Dans le livre, je traite de deux tendances historiques, qui se suivent chronologiquement. La première est que, au 19e siècle et pendant la majeure partie du 20e siècle, l’expansion industrielle a été le principal moyen pour les économies de croître très rapidement. l’industrie a joué le rôle de moteur de croissance pour l’économie au sens large. Une entreprise qui produisait des milliers d’automobiles par an a pu, en un laps de temps relativement court, en produire des millions. À mesure que les revenus augmentaient, les gens dépensaient de l’argent pour acheter une série d’autres biens et services, ce qui a entraîné une expansion économique rapide. Toutefois, seule une petite cohorte de pays a pu se positionner à l’avant-garde de la recherche et du développement, comme les États-Unis ou le Japon, ou, ensuite, à l’avant-garde de la croissance de rattrapage, comme la Corée du Sud. Que l’on soit à la tête du monde ou que l’on soit l’un des premiers à rattraper les autres, ces efforts ont abouti à une croissance très dynamique.

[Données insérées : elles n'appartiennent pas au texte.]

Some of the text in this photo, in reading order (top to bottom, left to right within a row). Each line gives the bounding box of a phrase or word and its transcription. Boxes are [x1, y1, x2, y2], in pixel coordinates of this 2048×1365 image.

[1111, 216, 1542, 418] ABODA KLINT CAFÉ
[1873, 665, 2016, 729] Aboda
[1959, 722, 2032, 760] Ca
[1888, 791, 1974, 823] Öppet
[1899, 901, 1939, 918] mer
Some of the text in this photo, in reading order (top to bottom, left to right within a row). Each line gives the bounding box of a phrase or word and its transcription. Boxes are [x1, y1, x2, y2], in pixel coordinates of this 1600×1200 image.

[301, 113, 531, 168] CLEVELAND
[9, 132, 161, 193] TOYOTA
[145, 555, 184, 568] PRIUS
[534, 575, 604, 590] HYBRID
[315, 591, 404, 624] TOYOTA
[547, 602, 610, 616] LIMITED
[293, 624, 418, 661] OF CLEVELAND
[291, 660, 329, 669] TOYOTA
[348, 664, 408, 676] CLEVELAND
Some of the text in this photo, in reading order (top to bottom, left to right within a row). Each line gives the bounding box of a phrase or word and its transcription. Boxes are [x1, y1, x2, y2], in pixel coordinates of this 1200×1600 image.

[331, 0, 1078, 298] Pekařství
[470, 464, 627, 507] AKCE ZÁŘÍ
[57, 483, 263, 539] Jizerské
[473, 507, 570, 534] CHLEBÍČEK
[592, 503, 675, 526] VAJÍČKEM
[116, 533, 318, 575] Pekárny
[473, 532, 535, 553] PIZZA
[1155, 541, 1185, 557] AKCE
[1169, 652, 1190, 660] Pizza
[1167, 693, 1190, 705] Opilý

La seconde tendance décrit notre situation actuelle, à savoir que le moteur de la croissance industrielle est en train de s’effondrer. l’explication que je préfère pour cette situation difficile est la surcapacité mondiale. Après la Seconde Guerre mondiale, les États-Unis ont investi massivement dans l’ordre mondial du libre-échange, aidant leurs anciens concurrents impériaux, à savoir l’Allemagne et le Japon, ainsi que les États sous protectorat américain comme la Corée du Sud et Taïwan, à réorganiser leurs secteurs manufacturiers. Contrairement aux hypothèses de la théorie économique et commerciale qu ’on trouve dans les livres, ces pays ne se sont pas spécialisés dans différents produits afin de bénéficier du commerce international.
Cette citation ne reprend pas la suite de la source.